The integrals are readily done analytically as described in the Appendix 1, but the expressions are very lengthy. The main features can be expressed in the following form:

$$\begin{aligned} \bar{\Delta }_{\text {bias}}= & {} -\text {sign}(x)\frac{1}{\sqrt{N}}\tilde{\Delta }_\mathrm{bias}(\alpha ,\phi _1,\phi _2)\nonumber \\ \bar{\Delta }_{\text {fit}}= & {} \frac{1}{\sqrt{\alpha N}}\tilde{\Delta }_{\mathrm{{fit}}}(\alpha ,\phi _1,\phi _2)\,, \end{aligned}$$
(17)

where \(\tilde{\Delta }_{\text {bias}/\text {fit}}>0\) are functions that only depend on N and P through \(\alpha =P/N\), change slowly as a function of the arguments in the physically relevant regime \(0\le \phi _1+\phi _2\le 1\) (Fig. 7) and which satisfy \(\tilde{\Delta }_{\text {bias}}(\alpha ,0,0)=\frac{1}{\sqrt{2\pi }}\) and \(\tilde{\Delta }_{\text {fit}}(\alpha ,0,0)=\frac{1}{\pi }\).

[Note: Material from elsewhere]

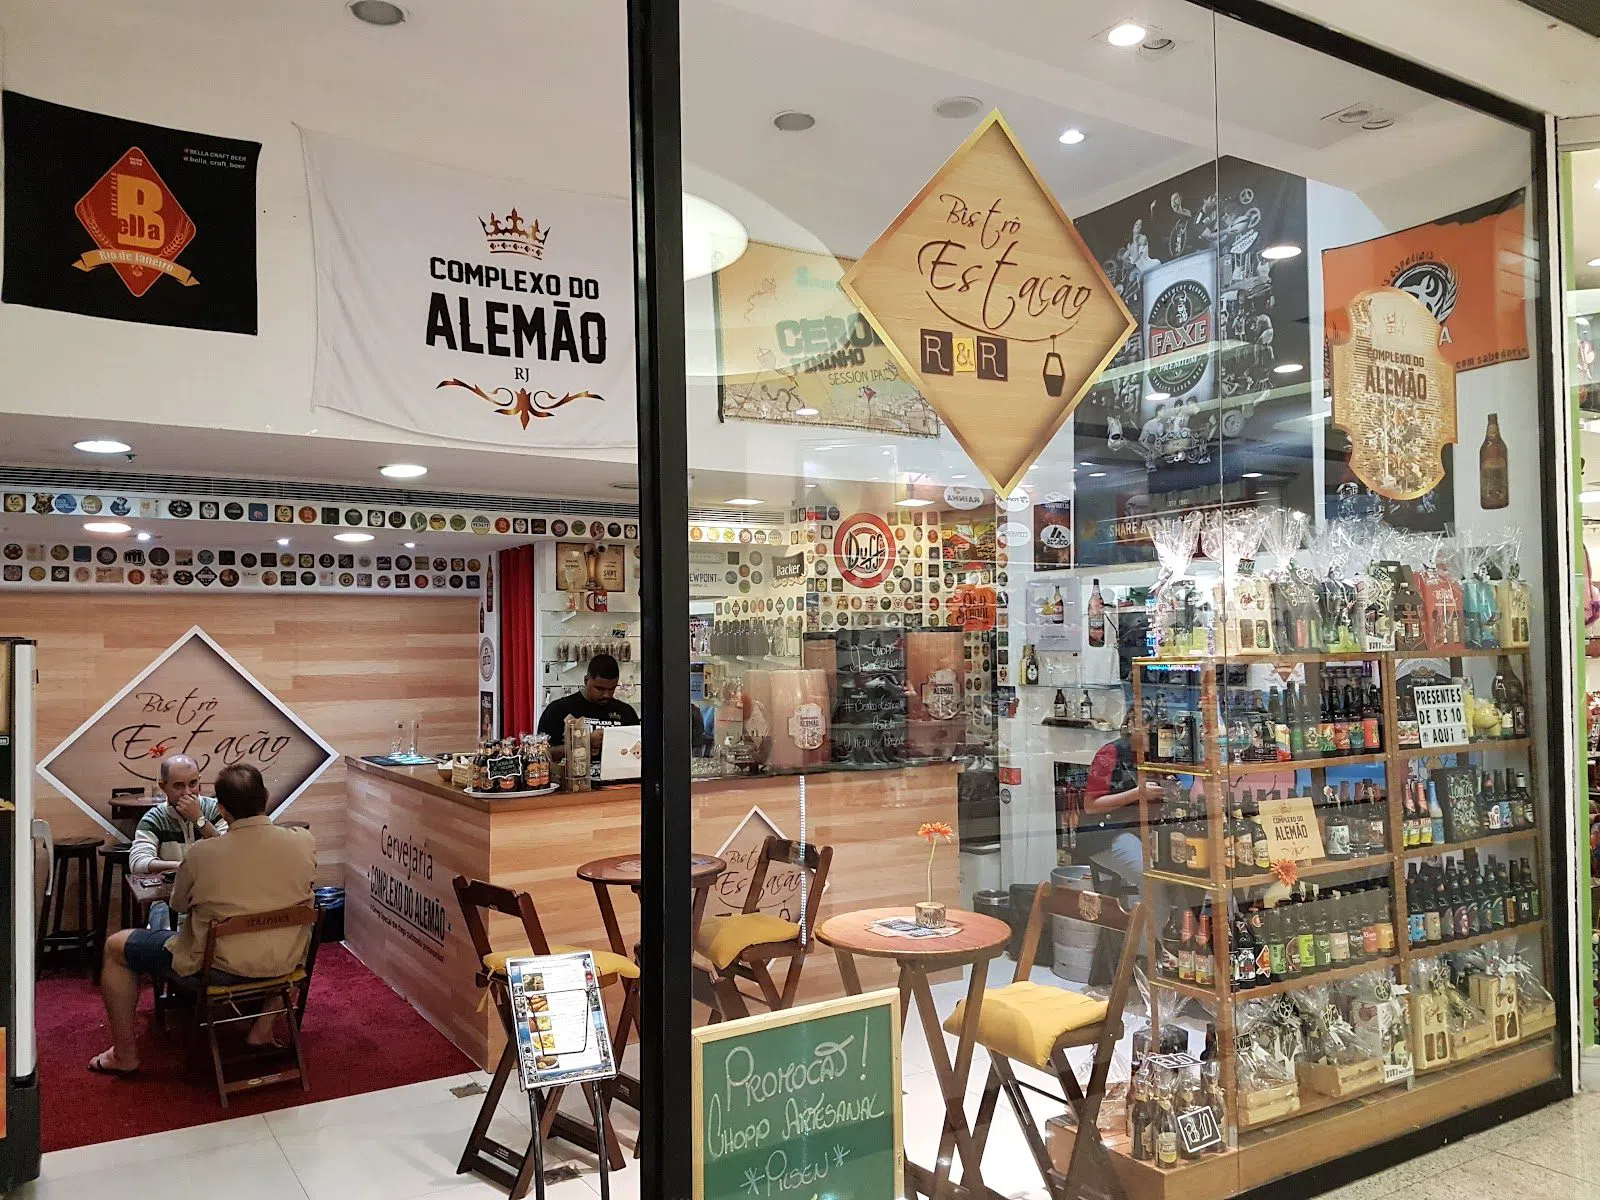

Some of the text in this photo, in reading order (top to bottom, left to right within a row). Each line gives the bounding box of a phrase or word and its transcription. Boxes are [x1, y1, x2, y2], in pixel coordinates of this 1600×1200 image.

As seen from Eq. 17, the mean bias is towards \(x=0\), the used strategy is penalized, while the mean fitness is positive acting to increase the relative score x, consistent with our choice of gauge as discussed earlier.

The only appreciable contribution to the variance comes from the fitness term scaling as 1 / P whereas the bias has a variance that scales with 1 / (NP) and thus negligible (as is the cross term). The variance can be written

$$\begin{aligned} \sigma ^2_{\text {bias}}= & {} 0 \end{aligned}$$
(18)
$$\begin{aligned} \sigma ^2_{\text {fit}}= & {} \frac{1}{\alpha N}\tilde{\sigma }^2(\alpha ,\phi _1,\phi _2)\,, \end{aligned}$$
(19)

where \(\tilde{\sigma }>0\) also changes slowly in the relevant regime (Fig. 7) and satisfies \(\tilde{\sigma }(\alpha ,0,0)=\frac{1}{\sqrt{6}}\). The width of the fitness distribution explains the fact that even though \(\bar{\Delta }_\mathrm{fit}>0\) consistent with \(\phi _1\ne 0\), there are also some agents with a large negative fitness which implies \(\phi _2\ne 0\). The fact that \(\vec {\xi }\cdot \vec {\Omega }< 0\) thus does not necessarily imply that strategy 1 is more successful than strategy 2 as the correlation with the other frozen agents is also an important factor. For large \(\alpha \), both the mean and variance of the fitness vanish, as can be understood as a result of there being too few agents compared to the number of possible outcomes to maintain any appreciable correlation between an agents strategies and the aggregate background, \(\vec {\xi }\cdot \vec {\Omega }\approx 0\). In this limit, since the bias term always penalizes the used strategy there can be no frozen agents. We also see that both the mean and width of the distribution for given \(\alpha \) scales with \(1/\sqrt{N}\), consistent with simulations (Fig. 3).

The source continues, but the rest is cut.